Gorgias |
I’m Tom Gorgias, or so I call myself. My friends call me something else, clearly, because damn Gorgias is hard to not pronounce as ‘gorgeous’ and my guy friends are all kinda like uncomfortable with saying that to other guys so there. I’m tom.gorgias@gmail.com. |
Of course I can’t let them win, I can’t, I just simply can’t, it would be too much. It would be too much for me. They don’t deserve it. They’re wrong. The battle is between me and myself, the others are extras in my story. They can’t win. I will not let them. I will not lose. What they know or feel is insubstantial. It’s worthless to anyone. It means nothing. Why they even try, I don’t know. I can’t allow them to be better, because it would mean I am not enough. I don’t know if I’ll ever be, but they will not be the ones to tell me. I don’t just hate them, I also fear myself and hate myself and mistrust myself. They are extras. They amplify my failure to be myself.

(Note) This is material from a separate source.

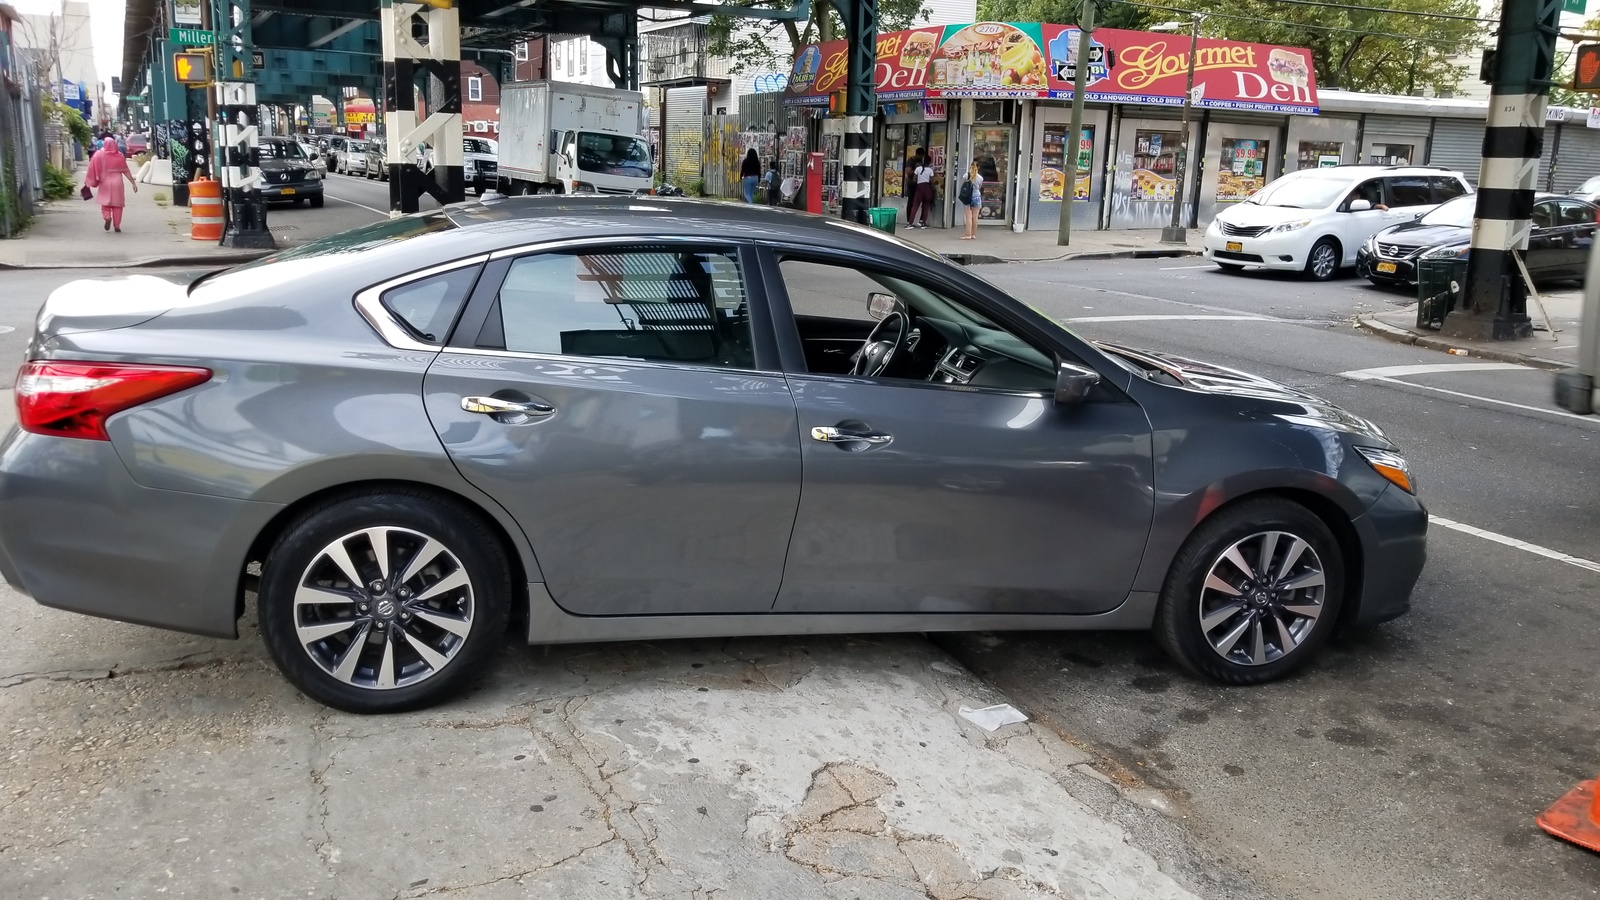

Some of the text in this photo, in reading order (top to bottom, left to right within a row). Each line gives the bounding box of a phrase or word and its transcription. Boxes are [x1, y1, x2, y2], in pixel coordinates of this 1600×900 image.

They are the big evil, and it doesn’t matter if that’s a self-fabricated fiction or an absolute truth. Pain is pain and fear is fear. I distrust their very presence, for it means exposure of what I am made of as well. I am like them, but I don’t want to be like them. They are what I despise, and I am made of the same things, the same basics, the same culture. They frighten me, because they show me what I could have been.